Whitebark pine health is designated by the National Park Service as a "vital sign" of the subalpine ecosystems where it grows because it is a keystone species. This means that it is critical to their ecological function, supporting many other plants and animals that live there and influencing processes like snow retention and spring run-off. Declines in whitebark pine populations have been attributed to an interacting set of factors including blister rust disease, mountain pine beetle infestations and climate change.

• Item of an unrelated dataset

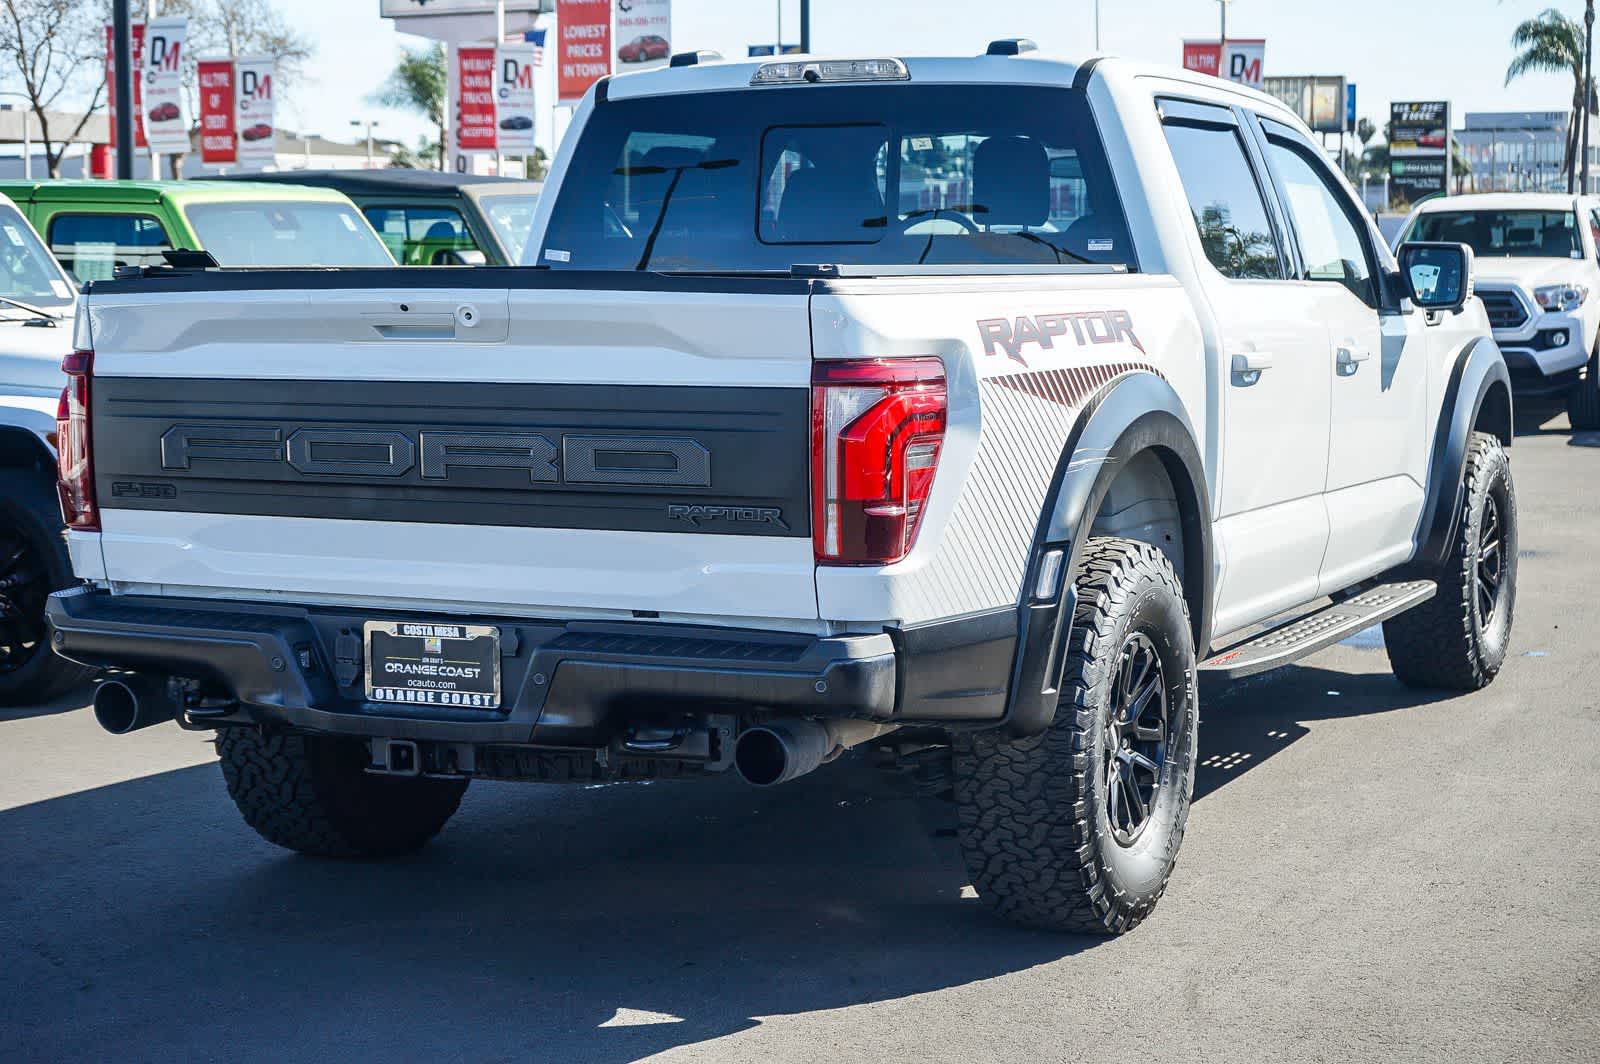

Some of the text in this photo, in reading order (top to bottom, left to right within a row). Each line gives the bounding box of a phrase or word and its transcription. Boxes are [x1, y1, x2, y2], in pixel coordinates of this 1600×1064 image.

Park managers are very concerned about the dramatic declines in whitebark pine in recent decades and what they mean for the ecosystems the pine calls home, says National Park Service ecologist and co-author of the study Dr. Jonathan Nesmith. "These declines have been so severe that whitebark pine is a candidate species for listing under the Endangered Species Act. By understanding what is going on with whitebark pine we can better understand what is happening more broadly in the high elevation systems where they grow and how they might be changing due to climate change and other stressors."

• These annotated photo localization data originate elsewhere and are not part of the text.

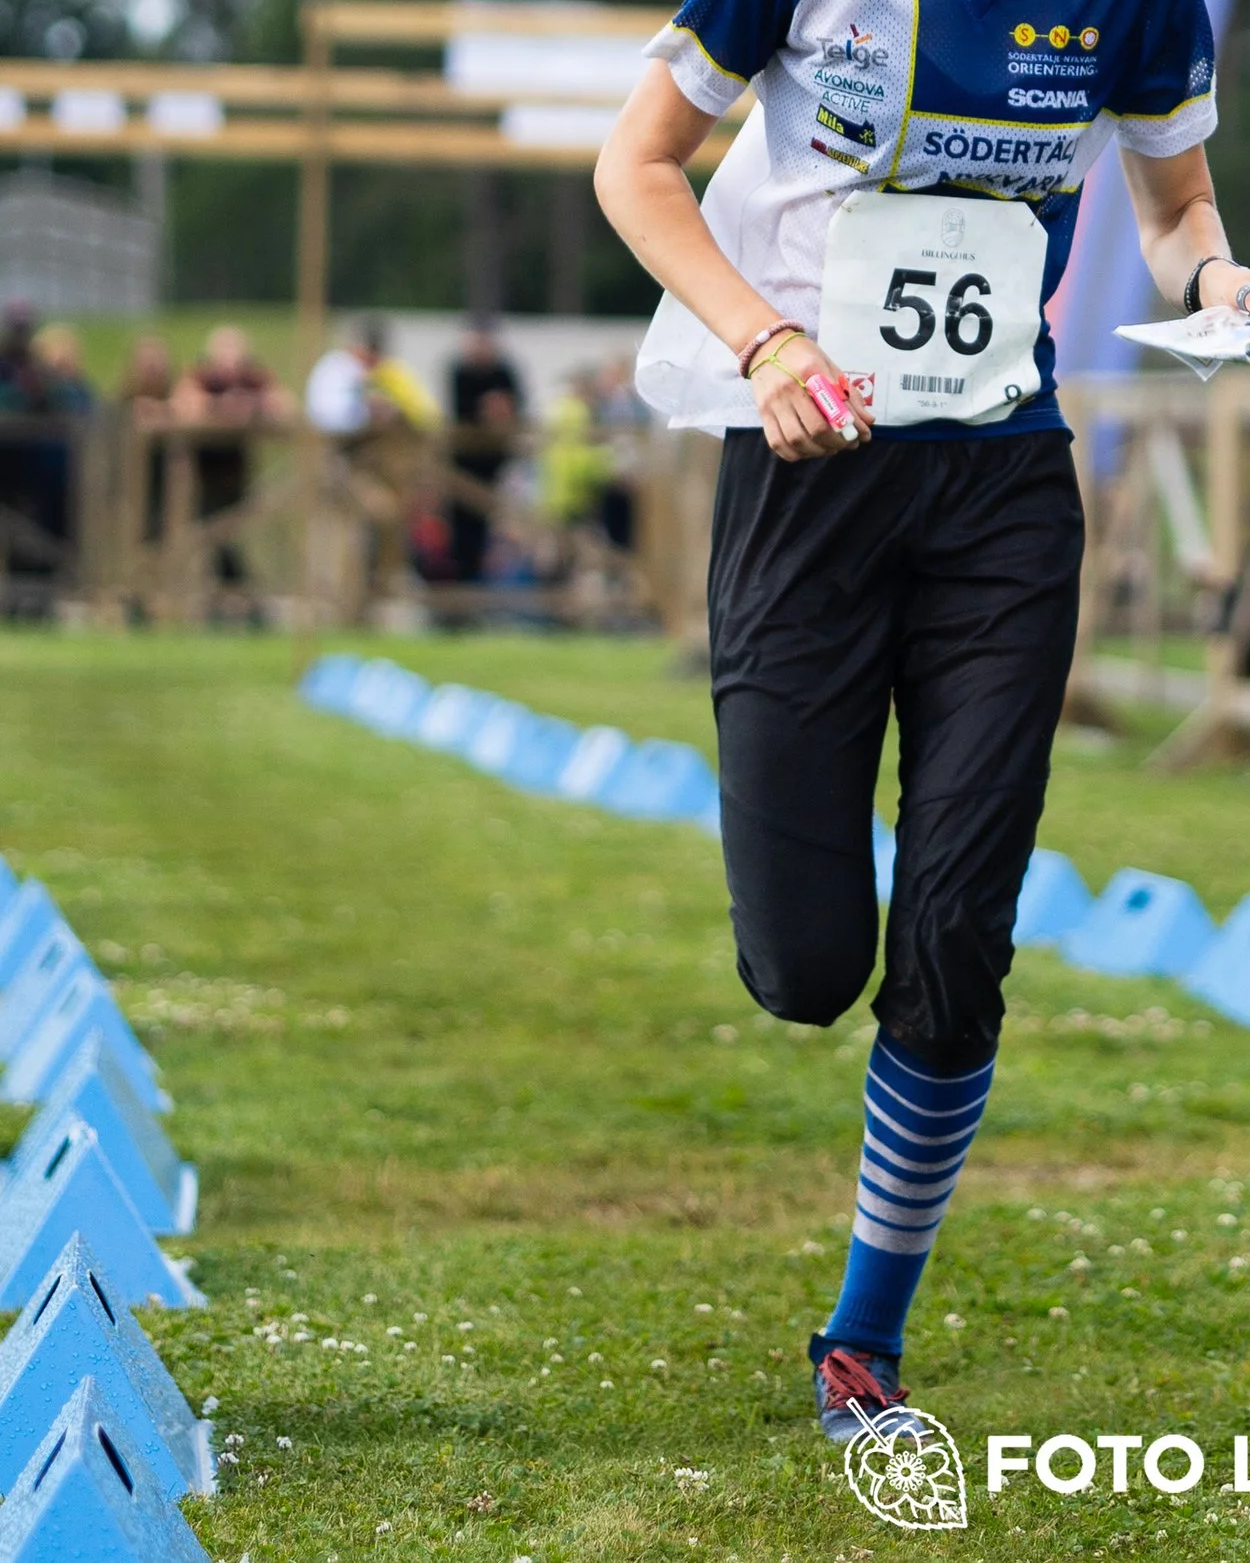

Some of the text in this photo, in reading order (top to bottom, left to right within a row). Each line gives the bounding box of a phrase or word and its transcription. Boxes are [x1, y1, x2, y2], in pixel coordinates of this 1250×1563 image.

[816, 37, 890, 71] Telge
[1007, 60, 1096, 77] ORIENTERING
[814, 69, 885, 97] AVONOVA
[821, 90, 872, 113] ACTIVE
[1007, 87, 1089, 109] SCANIA
[817, 105, 845, 135] Mila
[879, 267, 993, 356] 56

The researchers note that in North Cascades National Park, where whitebark pine populations have also declined, Clark's Nutcracker populations "fluctuated wildly" rather than declining to zero as in Mount Rainier National Park. It is possible that nutcrackers, who routinely fly up to 30 kilometers in a day, may be taking advantage of whitebark pines outside the park boundaries.

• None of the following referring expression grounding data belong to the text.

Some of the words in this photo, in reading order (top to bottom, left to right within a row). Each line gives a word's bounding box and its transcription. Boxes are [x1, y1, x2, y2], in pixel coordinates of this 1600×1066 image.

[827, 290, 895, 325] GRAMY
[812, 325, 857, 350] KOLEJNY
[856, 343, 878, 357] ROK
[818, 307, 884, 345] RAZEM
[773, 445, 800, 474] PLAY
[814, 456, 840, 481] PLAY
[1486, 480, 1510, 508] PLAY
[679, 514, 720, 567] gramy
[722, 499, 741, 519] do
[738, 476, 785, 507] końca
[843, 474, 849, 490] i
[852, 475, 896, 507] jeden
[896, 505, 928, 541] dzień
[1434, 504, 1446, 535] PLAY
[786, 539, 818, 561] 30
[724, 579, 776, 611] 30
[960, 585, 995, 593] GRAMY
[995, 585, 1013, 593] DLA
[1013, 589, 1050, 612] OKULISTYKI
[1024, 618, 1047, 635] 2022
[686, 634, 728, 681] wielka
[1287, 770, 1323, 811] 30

The nutcrackers may also be shifting their foraging patterns and seeking other tree species. In the central California parks, where whitebark pine populations are still relatively healthy, Clark's nutcrackers were not always associated with whitebark pine. "In Sequoia and Kings Canyon National Parks, nutcrackers were often detected in areas where foxtail pine appeared more common than whitebark," says Ray. "These results suggest that nutcrackers can leave areas where whitebark pine is in decline and seek resources elsewhere, which might mean that declining seed dispersal should be added to the list of current threats to whitebark."

The mathematical model developed by the researchers to examine the association between Clark's Nutcrackers and whitebark pine integrates data from two completely separate monitoring programs in these 5 national parks, one focused on birds and another focused on subalpine trees. This largescale approach yielded findings that would not have been obtainable from either program alone, or from monitoring in just a single park. The model can now be used to study the nutcracker-whitebark mutualism further, as more data become available, and perhaps improve monitoring of the bird and the pine. From Ray's perspective, this may be the most important implication of the study: "During the process of developing this model we identified ways that these monitoring programs might expand to help answer questions relevant to the management of these species."